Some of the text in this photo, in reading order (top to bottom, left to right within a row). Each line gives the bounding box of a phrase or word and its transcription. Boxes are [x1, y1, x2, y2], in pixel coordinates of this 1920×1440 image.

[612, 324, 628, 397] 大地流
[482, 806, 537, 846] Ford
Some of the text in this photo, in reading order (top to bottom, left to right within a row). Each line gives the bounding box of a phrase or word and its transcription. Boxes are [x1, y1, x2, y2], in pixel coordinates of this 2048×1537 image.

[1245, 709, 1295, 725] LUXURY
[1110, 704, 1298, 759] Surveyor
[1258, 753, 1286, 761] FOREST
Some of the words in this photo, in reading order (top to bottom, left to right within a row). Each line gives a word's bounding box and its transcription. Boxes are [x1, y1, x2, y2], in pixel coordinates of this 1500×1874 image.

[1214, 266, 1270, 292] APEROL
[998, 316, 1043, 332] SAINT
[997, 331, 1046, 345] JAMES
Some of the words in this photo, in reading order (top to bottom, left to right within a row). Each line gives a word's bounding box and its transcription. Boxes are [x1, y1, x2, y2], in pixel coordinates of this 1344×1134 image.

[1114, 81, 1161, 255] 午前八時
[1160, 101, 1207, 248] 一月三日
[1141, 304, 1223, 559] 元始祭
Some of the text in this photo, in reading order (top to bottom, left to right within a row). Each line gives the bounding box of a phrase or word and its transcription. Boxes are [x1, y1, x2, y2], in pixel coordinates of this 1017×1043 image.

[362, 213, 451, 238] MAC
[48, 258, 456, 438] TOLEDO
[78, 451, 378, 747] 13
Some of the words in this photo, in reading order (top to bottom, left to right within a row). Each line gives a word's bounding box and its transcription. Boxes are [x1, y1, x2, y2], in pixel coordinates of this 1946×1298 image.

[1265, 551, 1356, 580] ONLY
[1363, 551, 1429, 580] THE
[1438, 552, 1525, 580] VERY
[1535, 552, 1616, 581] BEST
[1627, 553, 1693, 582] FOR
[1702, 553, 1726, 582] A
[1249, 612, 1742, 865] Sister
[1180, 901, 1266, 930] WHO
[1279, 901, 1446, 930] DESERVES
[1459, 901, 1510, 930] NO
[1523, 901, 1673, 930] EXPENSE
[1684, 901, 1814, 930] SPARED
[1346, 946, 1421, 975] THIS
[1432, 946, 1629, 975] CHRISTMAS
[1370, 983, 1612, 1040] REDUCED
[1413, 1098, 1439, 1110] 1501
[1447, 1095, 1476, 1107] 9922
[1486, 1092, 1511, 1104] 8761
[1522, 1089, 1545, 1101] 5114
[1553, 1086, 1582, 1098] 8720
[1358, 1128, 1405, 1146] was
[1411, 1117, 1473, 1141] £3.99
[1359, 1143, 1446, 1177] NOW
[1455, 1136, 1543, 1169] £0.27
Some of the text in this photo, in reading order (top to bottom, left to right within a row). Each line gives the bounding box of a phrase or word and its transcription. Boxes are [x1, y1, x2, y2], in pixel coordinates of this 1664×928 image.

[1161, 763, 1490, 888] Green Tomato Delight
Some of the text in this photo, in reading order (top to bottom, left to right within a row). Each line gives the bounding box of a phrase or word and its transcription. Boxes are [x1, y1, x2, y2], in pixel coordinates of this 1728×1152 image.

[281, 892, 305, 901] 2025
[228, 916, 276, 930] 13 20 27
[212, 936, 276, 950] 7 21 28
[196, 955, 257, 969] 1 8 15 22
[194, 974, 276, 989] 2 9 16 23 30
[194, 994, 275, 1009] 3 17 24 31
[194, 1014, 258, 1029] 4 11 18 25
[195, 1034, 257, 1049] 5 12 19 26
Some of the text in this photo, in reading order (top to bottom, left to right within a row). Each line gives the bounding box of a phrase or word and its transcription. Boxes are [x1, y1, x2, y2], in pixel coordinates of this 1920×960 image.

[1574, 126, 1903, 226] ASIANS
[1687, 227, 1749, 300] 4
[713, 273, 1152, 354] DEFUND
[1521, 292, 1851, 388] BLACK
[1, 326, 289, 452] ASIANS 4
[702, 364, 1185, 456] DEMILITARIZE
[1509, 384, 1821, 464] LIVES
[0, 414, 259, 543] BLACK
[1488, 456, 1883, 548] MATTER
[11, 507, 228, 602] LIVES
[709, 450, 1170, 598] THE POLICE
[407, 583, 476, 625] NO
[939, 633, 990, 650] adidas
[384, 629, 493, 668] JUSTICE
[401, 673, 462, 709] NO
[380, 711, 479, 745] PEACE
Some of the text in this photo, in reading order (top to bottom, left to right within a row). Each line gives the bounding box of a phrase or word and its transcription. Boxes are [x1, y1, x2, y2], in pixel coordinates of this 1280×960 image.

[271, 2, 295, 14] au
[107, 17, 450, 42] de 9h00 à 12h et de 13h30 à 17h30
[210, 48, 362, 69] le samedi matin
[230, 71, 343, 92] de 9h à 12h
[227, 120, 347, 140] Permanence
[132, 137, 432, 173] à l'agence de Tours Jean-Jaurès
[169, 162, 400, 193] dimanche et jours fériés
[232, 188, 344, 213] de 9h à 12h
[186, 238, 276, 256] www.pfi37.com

§

Every line of the listing is to be returned unchanged.

Some of the text in this photo, in reading order (top to bottom, left to right within a row). Each line gives the bounding box of a phrase or word and its transcription. Boxes are [x1, y1, x2, y2], in pixel coordinates of this 1920×1440 image.

[612, 324, 628, 397] 大地流
[482, 806, 537, 846] Ford
Some of the text in this photo, in reading order (top to bottom, left to right within a row). Each line gives the bounding box of a phrase or word and its transcription. Boxes are [x1, y1, x2, y2], in pixel coordinates of this 2048×1537 image.

[1245, 709, 1295, 725] LUXURY
[1110, 704, 1298, 759] Surveyor
[1258, 753, 1286, 761] FOREST
Some of the words in this photo, in reading order (top to bottom, left to right within a row). Each line gives a word's bounding box and its transcription. Boxes are [x1, y1, x2, y2], in pixel coordinates of this 1500×1874 image.

[1214, 266, 1270, 292] APEROL
[998, 316, 1043, 332] SAINT
[997, 331, 1046, 345] JAMES
Some of the words in this photo, in reading order (top to bottom, left to right within a row). Each line gives a word's bounding box and its transcription. Boxes are [x1, y1, x2, y2], in pixel coordinates of this 1344×1134 image.

[1114, 81, 1161, 255] 午前八時
[1160, 101, 1207, 248] 一月三日
[1141, 304, 1223, 559] 元始祭
Some of the text in this photo, in reading order (top to bottom, left to right within a row). Each line gives the bounding box of a phrase or word and its transcription. Boxes are [x1, y1, x2, y2], in pixel coordinates of this 1017×1043 image.

[362, 213, 451, 238] MAC
[48, 258, 456, 438] TOLEDO
[78, 451, 378, 747] 13
Some of the words in this photo, in reading order (top to bottom, left to right within a row). Each line gives a word's bounding box and its transcription. Boxes are [x1, y1, x2, y2], in pixel coordinates of this 1946×1298 image.

[1265, 551, 1356, 580] ONLY
[1363, 551, 1429, 580] THE
[1438, 552, 1525, 580] VERY
[1535, 552, 1616, 581] BEST
[1627, 553, 1693, 582] FOR
[1702, 553, 1726, 582] A
[1249, 612, 1742, 865] Sister
[1180, 901, 1266, 930] WHO
[1279, 901, 1446, 930] DESERVES
[1459, 901, 1510, 930] NO
[1523, 901, 1673, 930] EXPENSE
[1684, 901, 1814, 930] SPARED
[1346, 946, 1421, 975] THIS
[1432, 946, 1629, 975] CHRISTMAS
[1370, 983, 1612, 1040] REDUCED
[1413, 1098, 1439, 1110] 1501
[1447, 1095, 1476, 1107] 9922
[1486, 1092, 1511, 1104] 8761
[1522, 1089, 1545, 1101] 5114
[1553, 1086, 1582, 1098] 8720
[1358, 1128, 1405, 1146] was
[1411, 1117, 1473, 1141] £3.99
[1359, 1143, 1446, 1177] NOW
[1455, 1136, 1543, 1169] £0.27
Some of the text in this photo, in reading order (top to bottom, left to right within a row). Each line gives the bounding box of a phrase or word and its transcription. Boxes are [x1, y1, x2, y2], in pixel coordinates of this 1664×928 image.

[1161, 763, 1490, 888] Green Tomato Delight
Some of the text in this photo, in reading order (top to bottom, left to right within a row). Each line gives the bounding box of a phrase or word and its transcription. Boxes are [x1, y1, x2, y2], in pixel coordinates of this 1728×1152 image.

[281, 892, 305, 901] 2025
[228, 916, 276, 930] 13 20 27
[212, 936, 276, 950] 7 21 28
[196, 955, 257, 969] 1 8 15 22
[194, 974, 276, 989] 2 9 16 23 30
[194, 994, 275, 1009] 3 17 24 31
[194, 1014, 258, 1029] 4 11 18 25
[195, 1034, 257, 1049] 5 12 19 26
Some of the text in this photo, in reading order (top to bottom, left to right within a row). Each line gives the bounding box of a phrase or word and its transcription. Boxes are [x1, y1, x2, y2], in pixel coordinates of this 1920×960 image.

[1574, 126, 1903, 226] ASIANS
[1687, 227, 1749, 300] 4
[713, 273, 1152, 354] DEFUND
[1521, 292, 1851, 388] BLACK
[1, 326, 289, 452] ASIANS 4
[702, 364, 1185, 456] DEMILITARIZE
[1509, 384, 1821, 464] LIVES
[0, 414, 259, 543] BLACK
[1488, 456, 1883, 548] MATTER
[11, 507, 228, 602] LIVES
[709, 450, 1170, 598] THE POLICE
[407, 583, 476, 625] NO
[939, 633, 990, 650] adidas
[384, 629, 493, 668] JUSTICE
[401, 673, 462, 709] NO
[380, 711, 479, 745] PEACE
Some of the text in this photo, in reading order (top to bottom, left to right within a row). Each line gives the bounding box of a phrase or word and its transcription. Boxes are [x1, y1, x2, y2], in pixel coordinates of this 1280×960 image.

[271, 2, 295, 14] au
[107, 17, 450, 42] de 9h00 à 12h et de 13h30 à 17h30
[210, 48, 362, 69] le samedi matin
[230, 71, 343, 92] de 9h à 12h
[227, 120, 347, 140] Permanence
[132, 137, 432, 173] à l'agence de Tours Jean-Jaurès
[169, 162, 400, 193] dimanche et jours fériés
[232, 188, 344, 213] de 9h à 12h
[186, 238, 276, 256] www.pfi37.com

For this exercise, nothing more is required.